I decided not to pour any money into the endeavor other than my sneakers, which I have had to switch out every two months because of the unprecedented mileage I put on them. All I had was manic energy, a love of running, and a self-modified training plan that I found when I Googled “Marathon training.”
Breaking down my narrative of “Vanessa the untalented runner” felt like an awakening. I was rediscovering who I believe I was created to be.
Since then, I have done all my hard workouts on a treadmill in my garage for precise pacing and without any music — to maintain the mental fortitude required for things like eight one-mile repeats at a pace of 5:39/mile. Besides, runners that are trying to qualify for the Olympic marathon trials are not allowed to have any music during the race. If you are caught with earbuds, even if you meet the standard, it’s an automatic disqualification.
After a year, I placed second in a half marathon race. Two years later, I am now averaging over 100 miles per week of running, am self-coached, and plan to achieve a qualifying time for the Olympic trials by 2022 and compete in Atlanta against the top women in the marathon in 2024. I have gone through two training cycles that indicate I am on target to achieve this dream.
The truth is, I won’t become an Olympian. The real elites are achieving times of sub-2:30. They are machines. Most have been groomed for greatness since their teen years.
Why is the qualifying window for trials so large? I like to think it’s for women just like me who want to push toward the seemingly impossible to find out what they are capable of.
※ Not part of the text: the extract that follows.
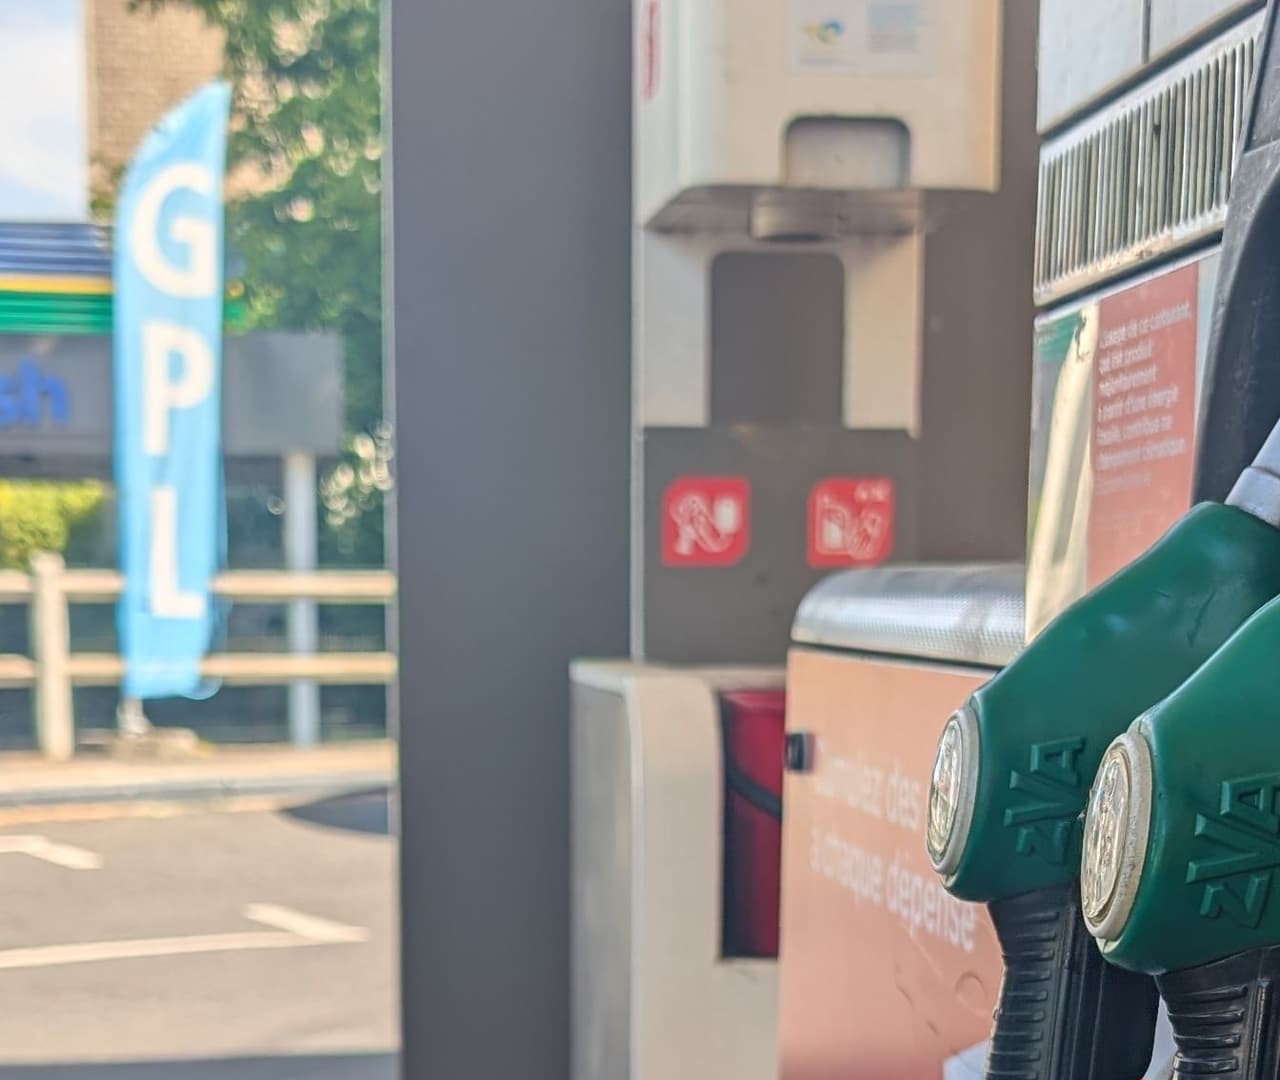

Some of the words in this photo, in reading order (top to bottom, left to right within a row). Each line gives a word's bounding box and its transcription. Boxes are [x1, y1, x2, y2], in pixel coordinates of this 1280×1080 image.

[132, 163, 217, 619] GPL
[1003, 736, 1086, 865] ZVA
[886, 847, 976, 953] dépense
Besides, my Olympic trials dream has very little to do with becoming one of the top female runners in the U.S. After losing myself to mental illness for well over a decade, it has been my guiding light back to who I was meant to be. I have healed on trails in the dark hours of the morning. As the sun rises, the darkness of my mind dissipates.
My mind is no longer consumed or trapped when I am with loved ones. Whatever part of myself that is gets poured out of me like a fountain with each step toward my dream. I am that 3-year-old girl once again, joyfully running circles on the track. I am, beyond a shadow of a doubt, born to run.